Research Projects


Explainable Deep Clustering for Financial Customer Profiling

For more details, check out my note on Notion: [link]


Starting as a project for BigData Competition in NH Investment & Securities with the topic of Advanced Customer Profiling and Personalized Investment Portfolio Curation, I extended our project with teammates into an academic research initiative using high-dimensional cross-sectional data from Korea Institute of Public Finance.

Effective customer segmentation and communication of these findings to non-experts is a pressing task in the financial services sector, with the potential for widespread applications. This study employs a three-stage dimension reduction and clustering technique to segment a large, high-dimensional dataset, emphasizing explainability and intuitive visualization. We present the high-dimensional data and feature set using novel network-based visualization methods and identify the multi-stage process’s optimal configuration. Finally, we derive investment portfolios for each segment to demonstrate an expert system application in financial investment advisory to underscore the importance of explainable segmentations.

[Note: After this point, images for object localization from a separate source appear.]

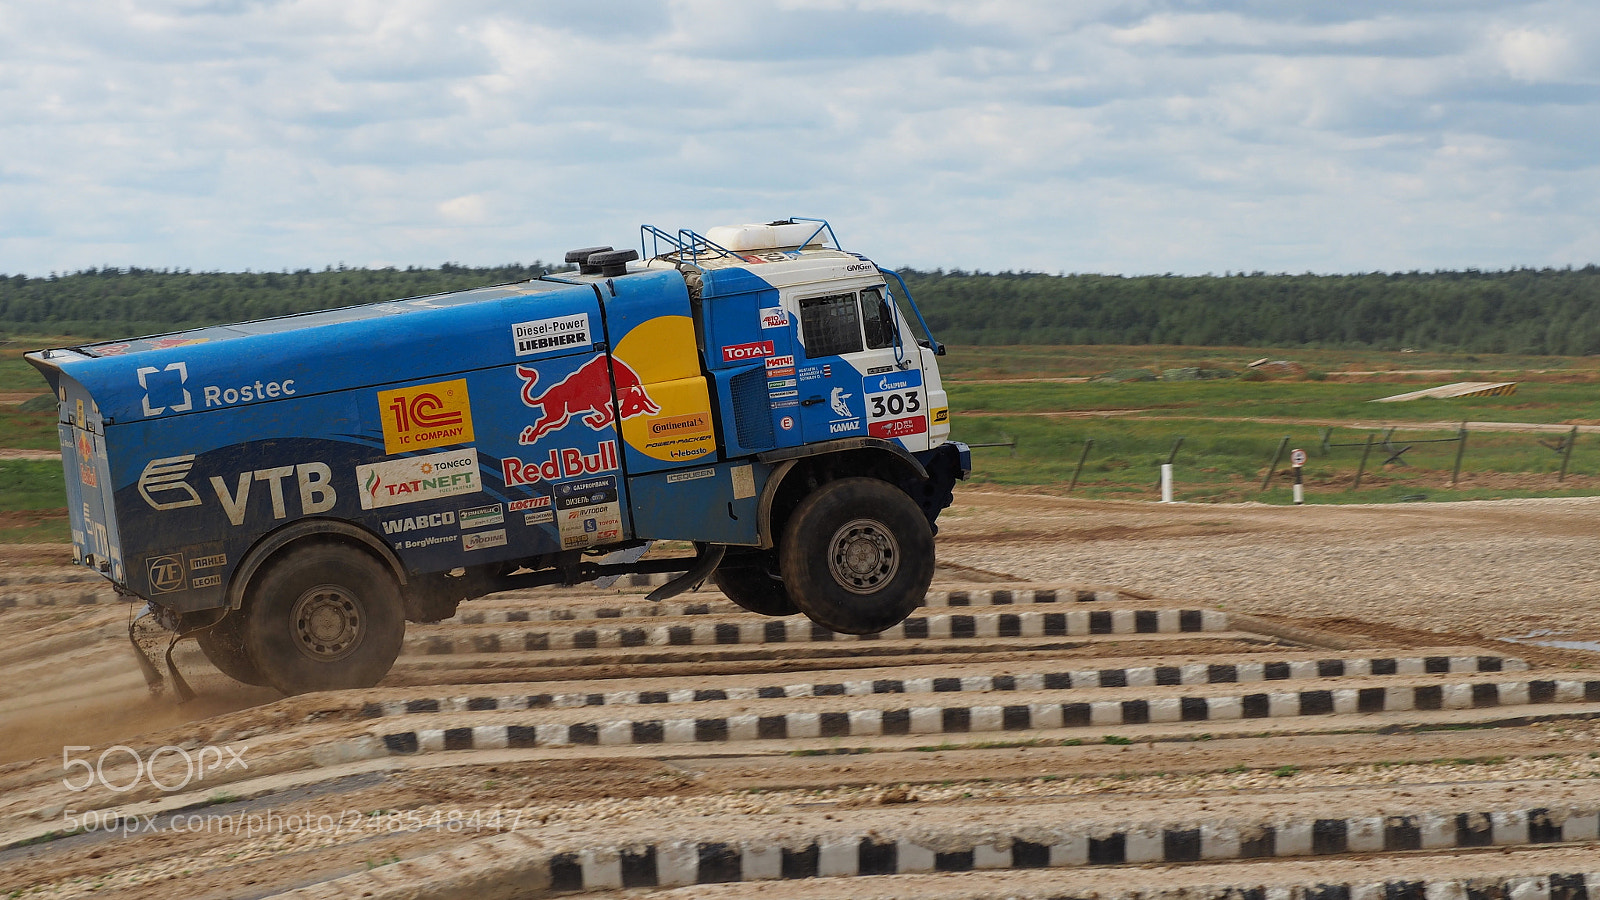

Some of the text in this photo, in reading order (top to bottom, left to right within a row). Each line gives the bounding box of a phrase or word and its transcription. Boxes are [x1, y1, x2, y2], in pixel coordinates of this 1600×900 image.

[516, 318, 585, 337] Diesel-Power
[519, 333, 586, 351] LIEBHERR
[725, 345, 772, 359] TOTAL
[204, 379, 296, 407] Rostec
[870, 391, 920, 418] 303
[652, 418, 697, 434] Continental
[784, 419, 790, 427] E
[829, 421, 860, 433] KAMAZ
[399, 428, 463, 444] 1C COMPANY
[671, 448, 707, 457] Webasto
[501, 440, 619, 487] Red Bull
[385, 472, 473, 495] TATNEFT
[573, 480, 609, 491] GAZPROMBANK
[209, 461, 337, 526] VTB
[510, 497, 549, 511] LOCTITE
[382, 511, 456, 534] WABCO
[405, 535, 458, 549] BorgWarner
[193, 555, 225, 568] MAHLE
[155, 565, 177, 584] ZF
[194, 576, 221, 587] LEONI
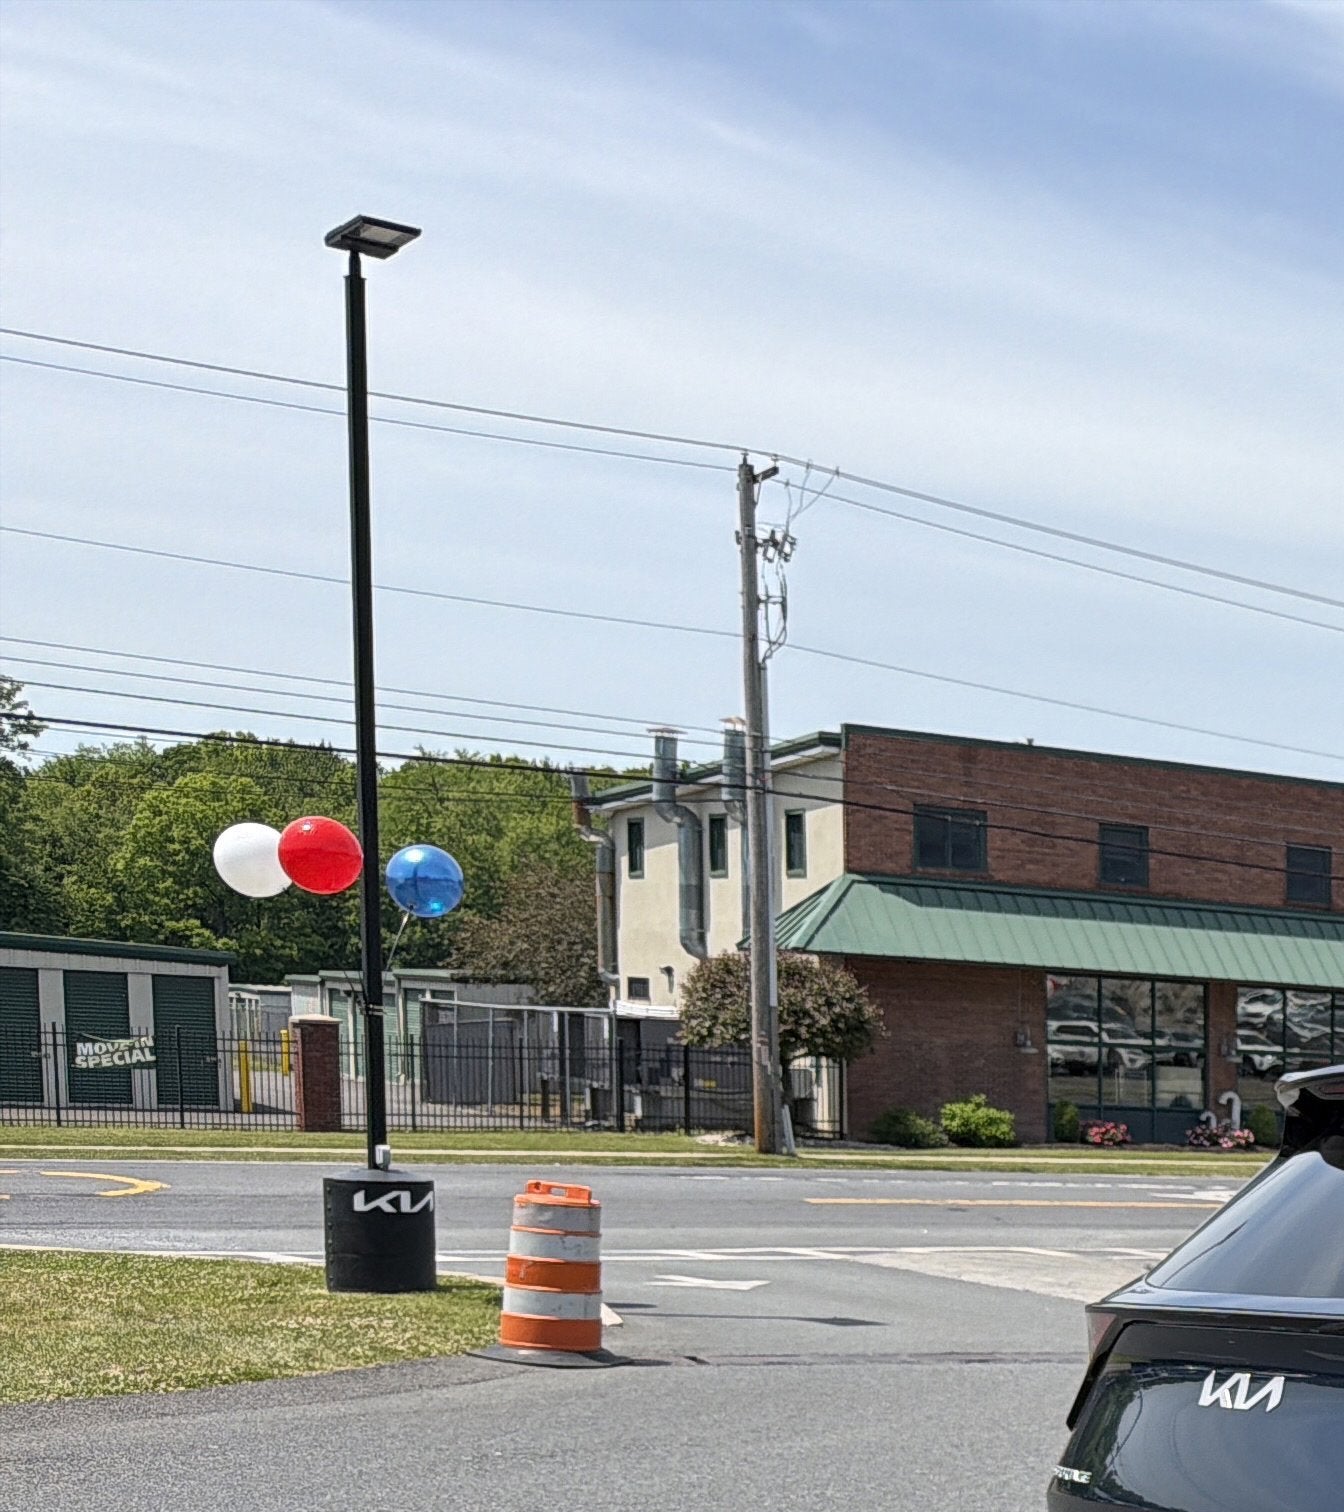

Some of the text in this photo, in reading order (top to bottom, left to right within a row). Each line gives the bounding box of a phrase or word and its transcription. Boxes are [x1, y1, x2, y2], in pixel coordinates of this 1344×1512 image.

This paper is published in EAAI Vol 128. Using these findings, I also presented a poster in IE Frontier, an internal research poster competition in KAIST ISE Department. Also, I have applied this framework to cluster financial securities including stock, and wrote a paper on Stock Deep Clustering and its application to Fama-French Factor Model.


Integrating Multi-Modality in All-round LLM-based Recommender System

For more details, check out my note on Notion: [link]


I have investigated state-of-the-art (SOTA) LLM-based Recommender Systems, with a particular focus on my mentor’s project, A-LLMRec (by Sein Kim at KAIST DSAIL). I understand how to construct efficient LLM framework for downstream recommendation task without fine-tuning the LLM by stably blending pretrained CF-RecSys embeddings with natural language embeddings. I have gained insights how to create joint collaborative item-text embeddings using autoencoder while avoiding over-smoothed representation. Additionally, I have devised an alignment network that robustly aligns item embeddings from CF-based RecSys in the token space of LLM. Furthermore, I have acquired knowledge of designing LLM prompt which can incorporate modality information and integrate collaborative knowledge with recommendation instructions without fine-tuning the LLM

Building upon the findings of this study, I have enhanced the framework to seamlessly incorporate multi-modal data like item images. Instead of a single item encoder trained by matching loss with item text description encoder, I have implemented cross attention mechanism and contrastive learning to effectively integrate the multi-modality between item embeddings and meta data embeddings. These new integrated item encoder have produced better embeddings for soft prompt in LLM recommendation tasks.

Throughout this research, I wrote a Survey on Modern Recommender Systems: Collaborative Filtering to LLM-based Recommender System.